_Task brief_
Please transcribe the data below in full. Omit any picture you find in it.

[Annotated photo localization data]

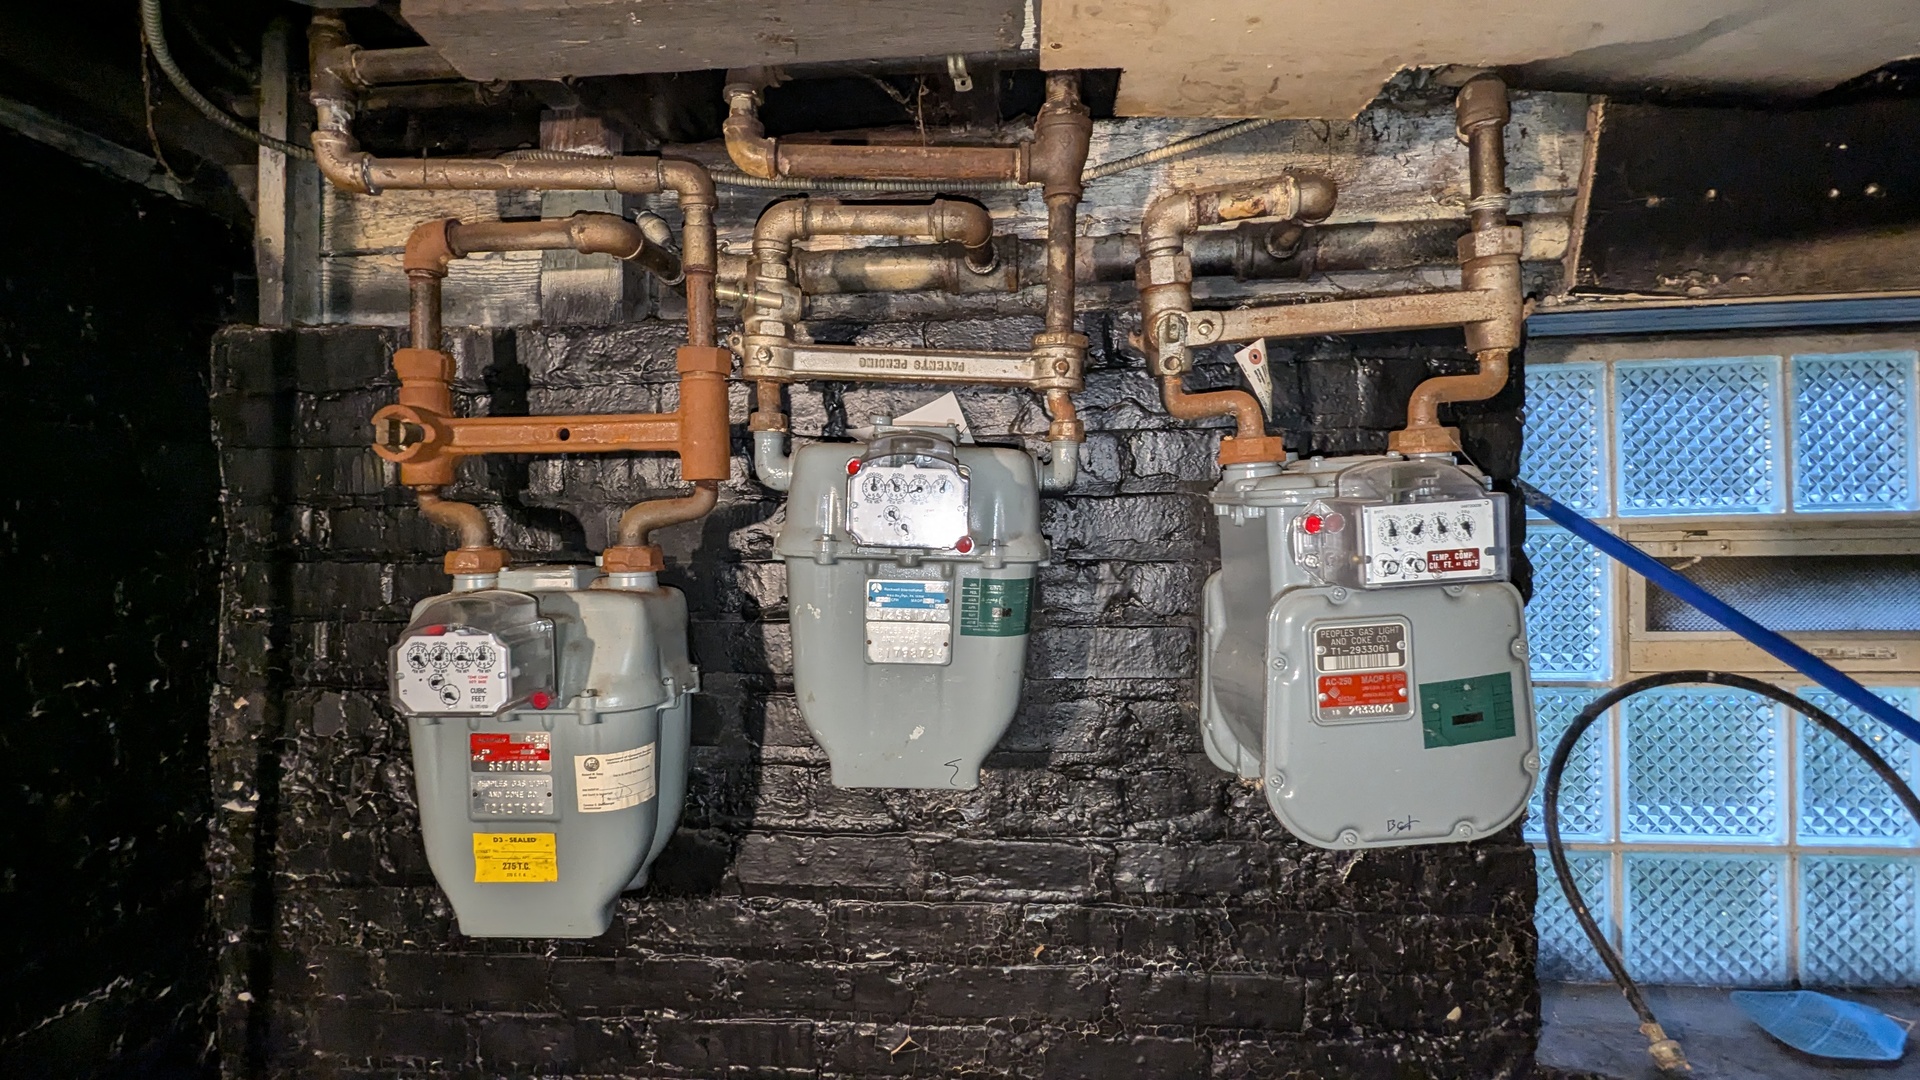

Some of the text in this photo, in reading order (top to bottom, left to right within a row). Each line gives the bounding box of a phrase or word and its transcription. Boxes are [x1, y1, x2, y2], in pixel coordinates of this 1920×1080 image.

[859, 357, 965, 372] PATENTS PENDING
[1431, 551, 1476, 561] TEMP. COMP.
[1428, 562, 1440, 570] CU.
[1321, 626, 1400, 638] PEOPLES GAS LIGHT
[1330, 635, 1391, 646] AND COKE CO.
[1330, 644, 1390, 655] T1-2933061
[1325, 677, 1353, 686] AC-250
[1361, 675, 1384, 684] MAOP
[1385, 674, 1391, 682] 5
[1348, 703, 1394, 715] 2933061
[477, 780, 550, 788] PEOPLES GAS LIGHT
[488, 790, 502, 798] AND
[505, 790, 525, 799] COKE

_Reply_
Some of the text in this photo, in reading order (top to bottom, left to right within a row). Each line gives the bounding box of a phrase or word and its transcription. Boxes are [x1, y1, x2, y2], in pixel coordinates of this 1920×1080 image.

[859, 357, 965, 372] PATENTS PENDING
[1431, 551, 1476, 561] TEMP. COMP.
[1428, 562, 1440, 570] CU.
[1321, 626, 1400, 638] PEOPLES GAS LIGHT
[1330, 635, 1391, 646] AND COKE CO.
[1330, 644, 1390, 655] T1-2933061
[1325, 677, 1353, 686] AC-250
[1361, 675, 1384, 684] MAOP
[1385, 674, 1391, 682] 5
[1348, 703, 1394, 715] 2933061
[477, 780, 550, 788] PEOPLES GAS LIGHT
[488, 790, 502, 798] AND
[505, 790, 525, 799] COKE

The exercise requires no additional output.